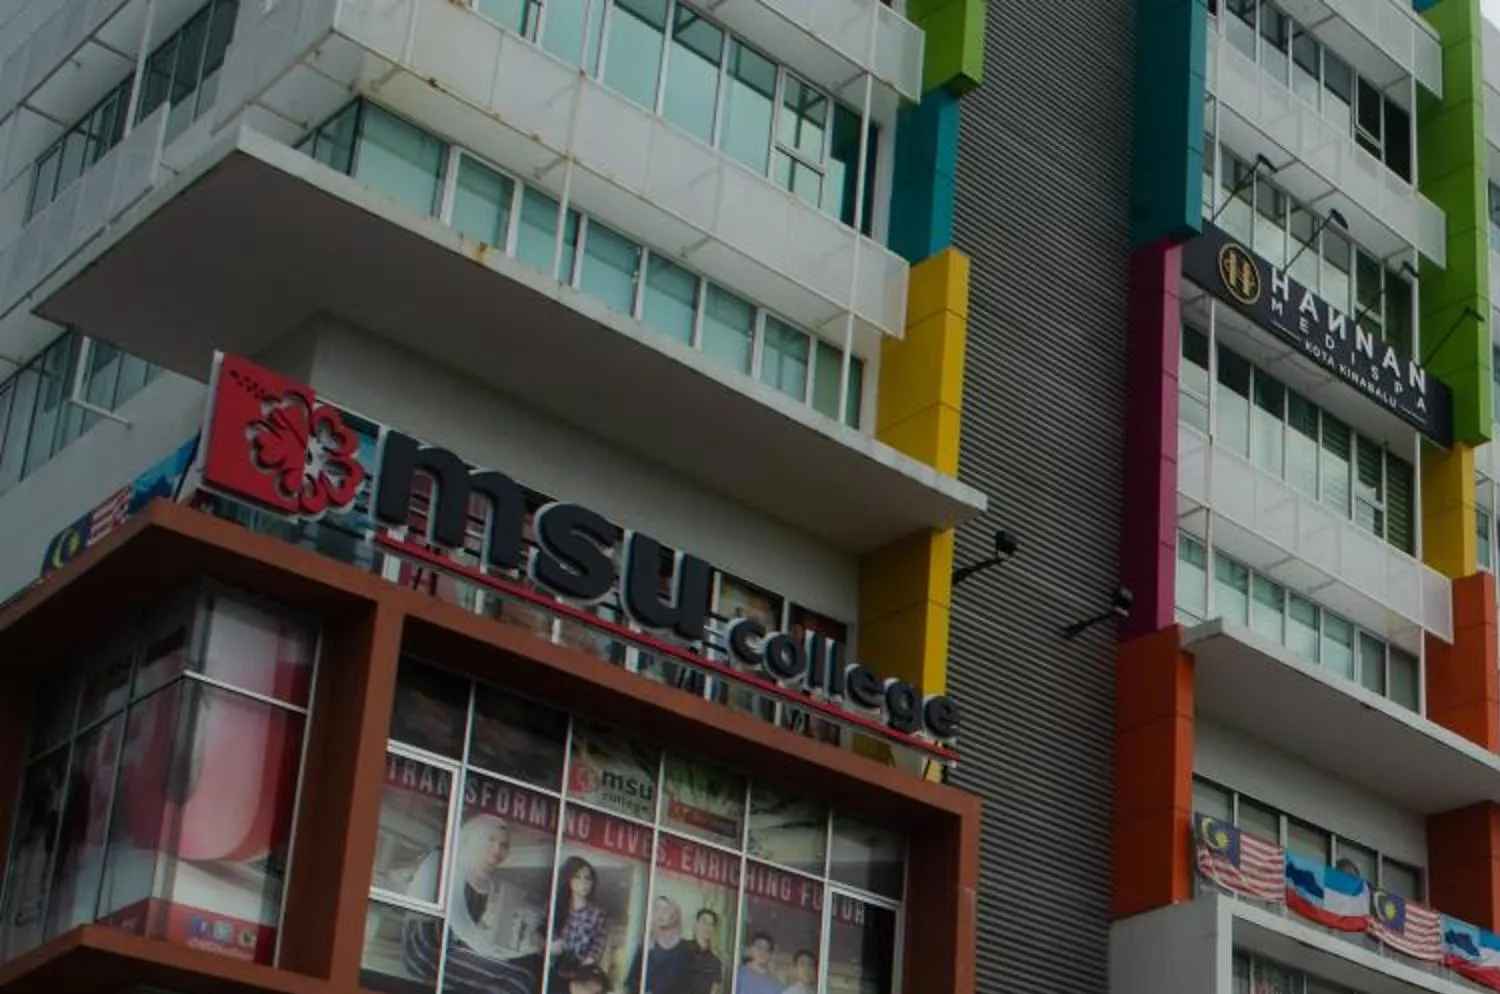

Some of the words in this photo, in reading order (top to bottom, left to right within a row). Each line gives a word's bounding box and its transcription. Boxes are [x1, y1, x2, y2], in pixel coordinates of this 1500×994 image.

[1305, 339, 1335, 368] KOTA
[1339, 363, 1397, 408] KINABALU
[374, 428, 712, 640] msu
[724, 616, 960, 741] college
[601, 769, 653, 800] msu
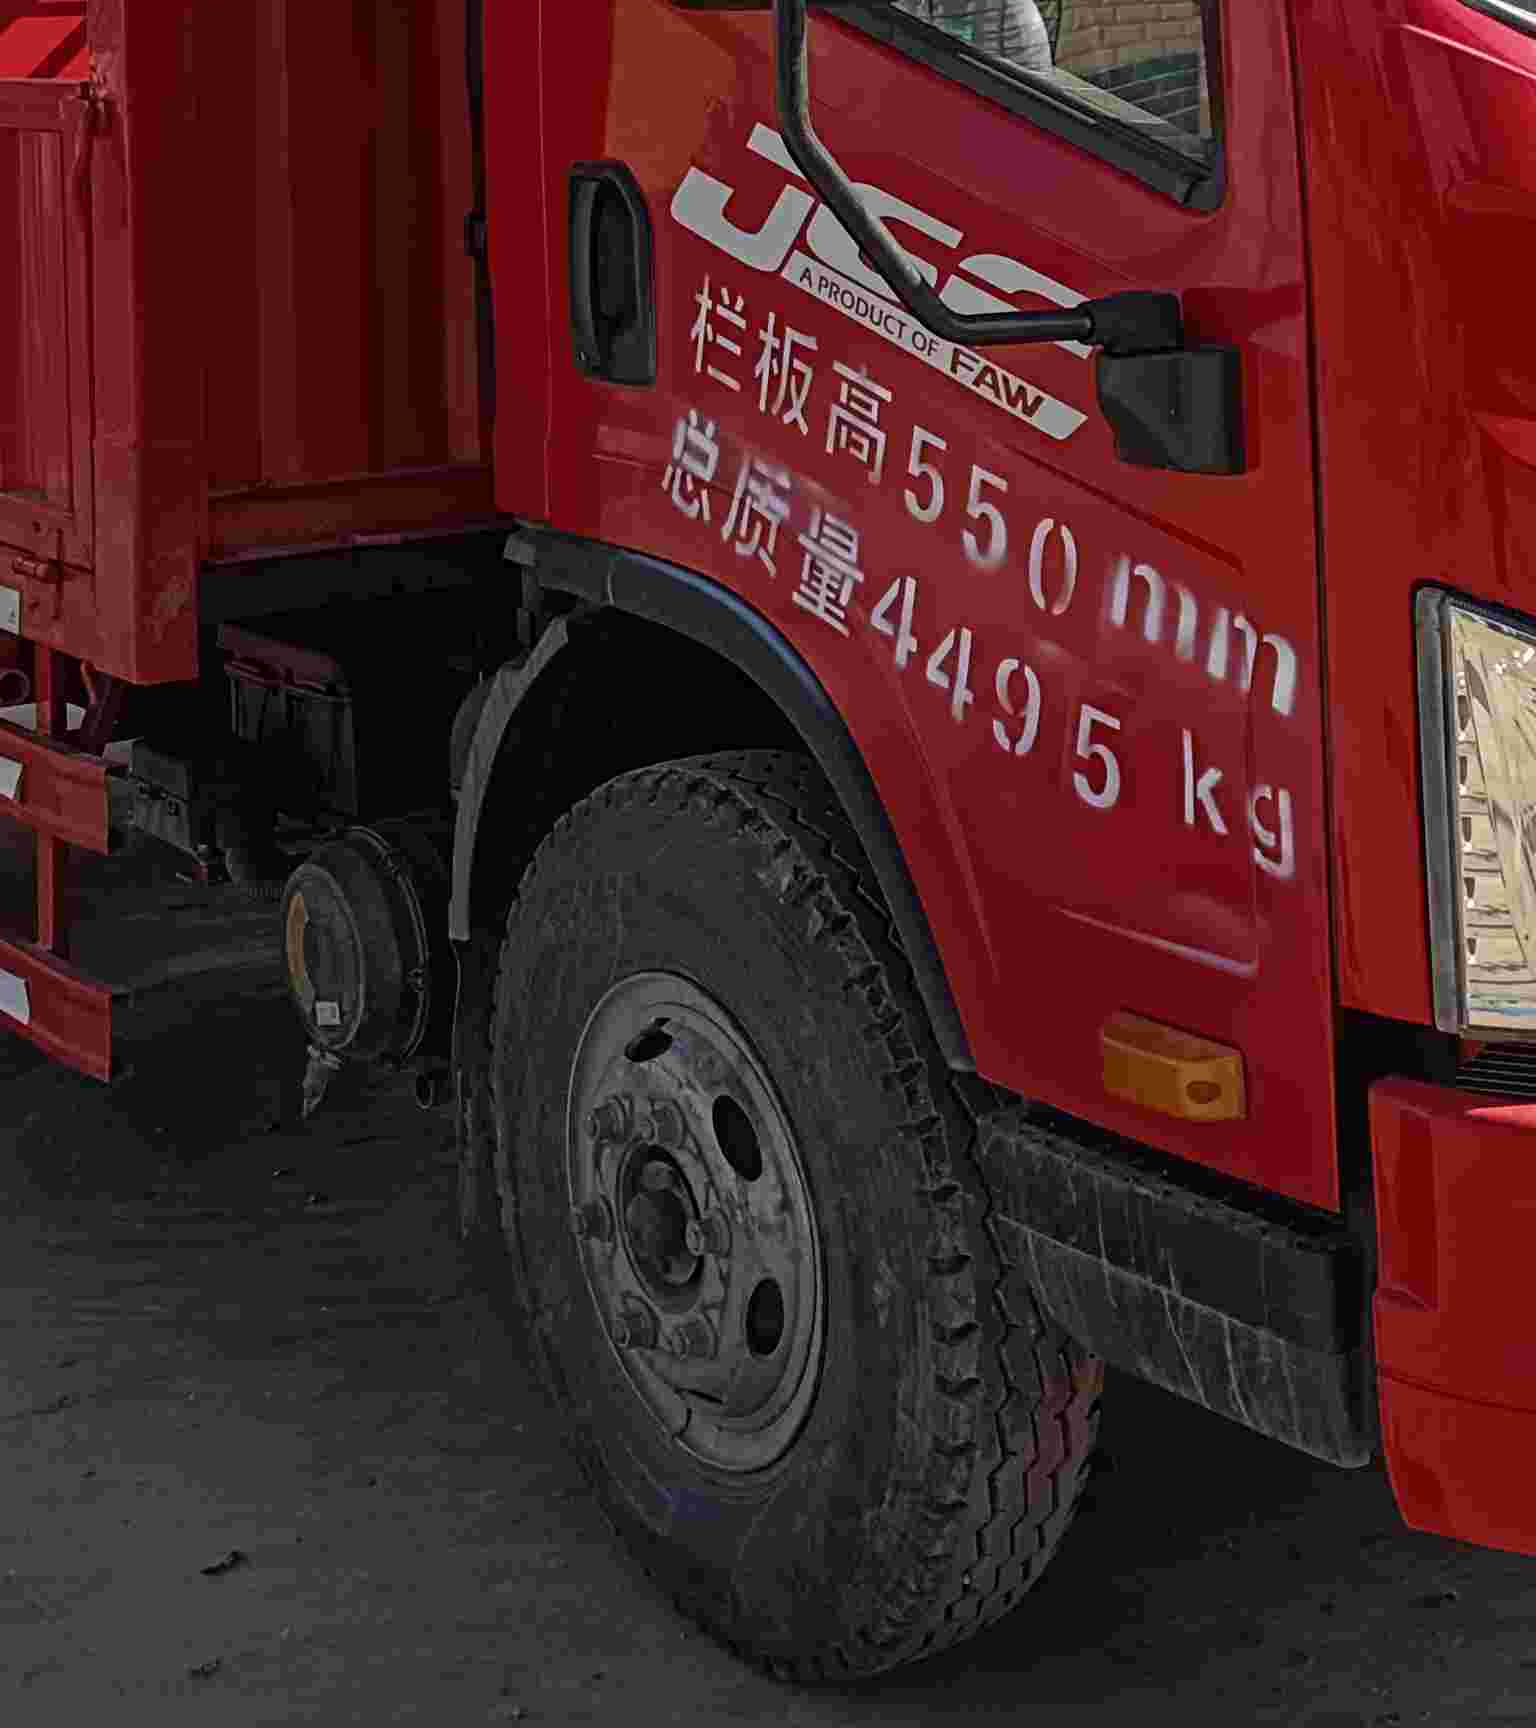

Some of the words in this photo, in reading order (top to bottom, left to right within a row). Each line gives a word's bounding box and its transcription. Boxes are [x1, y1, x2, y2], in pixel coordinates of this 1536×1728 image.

^^^^

### [Problem to solve]
Please copy out the material above exactly, with the images removed.

### [Exercise response]
Some of the words in this photo, in reading order (top to bottom, left to right within a row). Each line gives a word's bounding box and its transcription. Boxes are [x1, y1, x2, y2], in pixel coordinates of this 1500×994 image.

[1305, 339, 1335, 368] KOTA
[1339, 363, 1397, 408] KINABALU
[374, 428, 712, 640] msu
[724, 616, 960, 741] college
[601, 769, 653, 800] msu

Some of the words in this photo, in reading order (top to bottom, left to right within a row). Each line gives a word's bounding box and its transcription. Boxes are [x1, y1, x2, y2], in pixel coordinates of this 1536×1728 image.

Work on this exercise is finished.